Goyal Pulkit, van Leeuwen Johan L, Muijres Florian T
Experimental Zoology Group, Wageningen University and Research, P.O. Box 338, 6700 AH, Wageningen, the Netherlands.
iScience. 2022 Apr 16;25(5):104265. doi: 10.1016/j.isci.2022.104265. eCollection 2022 May 20.

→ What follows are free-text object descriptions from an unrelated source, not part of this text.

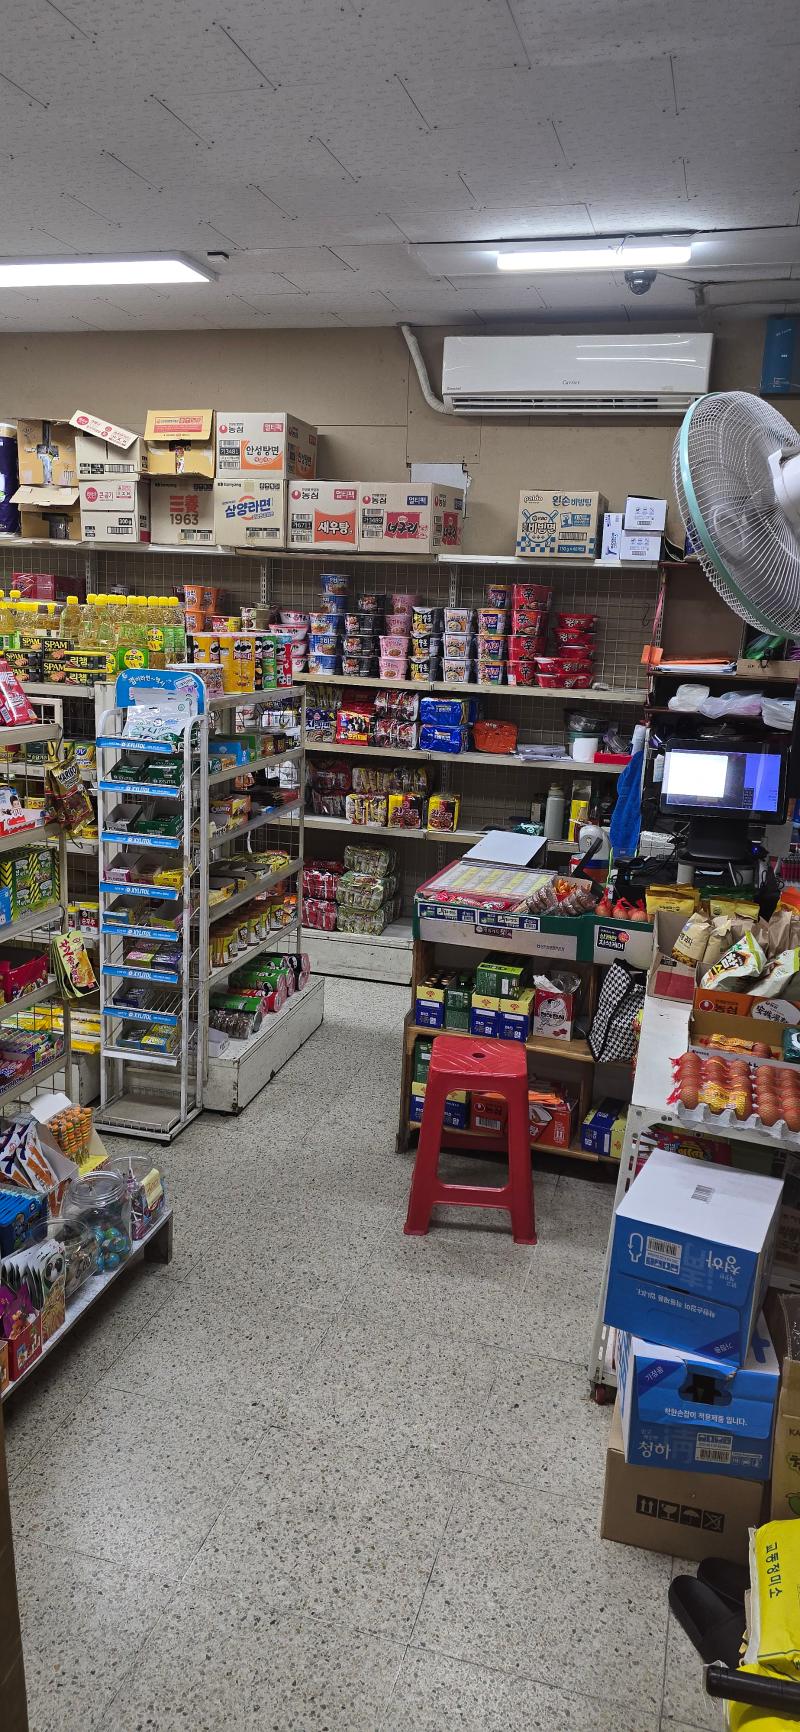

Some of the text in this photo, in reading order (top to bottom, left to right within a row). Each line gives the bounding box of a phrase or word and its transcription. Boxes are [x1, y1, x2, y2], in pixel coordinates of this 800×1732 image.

[228, 425, 244, 433] 농심
[246, 445, 279, 456] 안성탕면
[302, 490, 319, 499] 농심
[523, 495, 543, 503] paldo
[371, 496, 387, 504] 농심
[225, 498, 271, 518] 삼양라면
[170, 513, 199, 526] 1963
[317, 520, 350, 535] 새우탕
[387, 521, 418, 534] 너구리
[22, 637, 40, 645] SPAM
[44, 641, 68, 649] SPAM
[6, 652, 24, 660] SPAM
[70, 656, 88, 666] 리챔
[43, 662, 66, 671] SPAM
[70, 673, 88, 682] 리챔
[133, 837, 152, 845] XYLITOL
[131, 887, 150, 895] XYLITOL
[133, 929, 152, 937] XYLITOL
[133, 971, 152, 979] XYLITOL
[133, 1013, 152, 1021] XYLITOL
[32, 1054, 55, 1071] mentos
[706, 1250, 742, 1276] 청하
[645, 1366, 665, 1382] 가정용
[664, 1408, 748, 1426] 착한손잡이 적용제품 입니다.
[638, 1441, 672, 1460] 청하
[766, 1541, 783, 1599] 교동정미소

Many flying animals parse visual information to control their landing, whereby they can decelerate smoothly by flying at a constant radial optic expansion rate. Here, we studied how bumblebees () use optic expansion information to control their landing, by analyzing 10,005 landing maneuvers on vertical platforms with various optic information, and at three dim light conditions. We showed that bumblebees both decelerate and accelerate during these landings. Bumblebees decelerate by flying at a constant optic expansion rate, but they mostly accelerate toward the surface each time they switched to a new, often higher, optic expansion rate set-point. These transient acceleration phases allow bumblebees to increase their approach speed, and thereby land rapidly and robustly, even in dim twilight conditions. This helps explain why bumblebees are such robust foragers in challenging environmental conditions. The here-proposed sensorimotor landing control system can serve as bio-inspiration for landing control in unmanned aerial vehicles.
许多飞行生物通过解析视觉信息来控制着陆,借此它们能够以恒定的径向视觉扩展速率飞行从而平稳减速。在此,我们通过分析在具有各种视觉信息的垂直平台上以及三种昏暗光照条件下的10005次着陆动作,研究了大黄蜂如何利用视觉扩展信息来控制着陆。我们发现大黄蜂在这些着陆过程中既有减速也有加速。大黄蜂通过以恒定的视觉扩展速率飞行来减速,但每次切换到新的、通常更高的视觉扩展速率设定点时,它们大多会朝着表面加速。这些短暂的加速阶段使大黄蜂能够提高其接近速度,从而即使在昏暗的暮色条件下也能快速且稳健地着陆。这有助于解释为什么大黄蜂在具有挑战性的环境条件下是如此强大的觅食者。这里提出的感觉运动着陆控制系统可作为无人机着陆控制的生物灵感来源。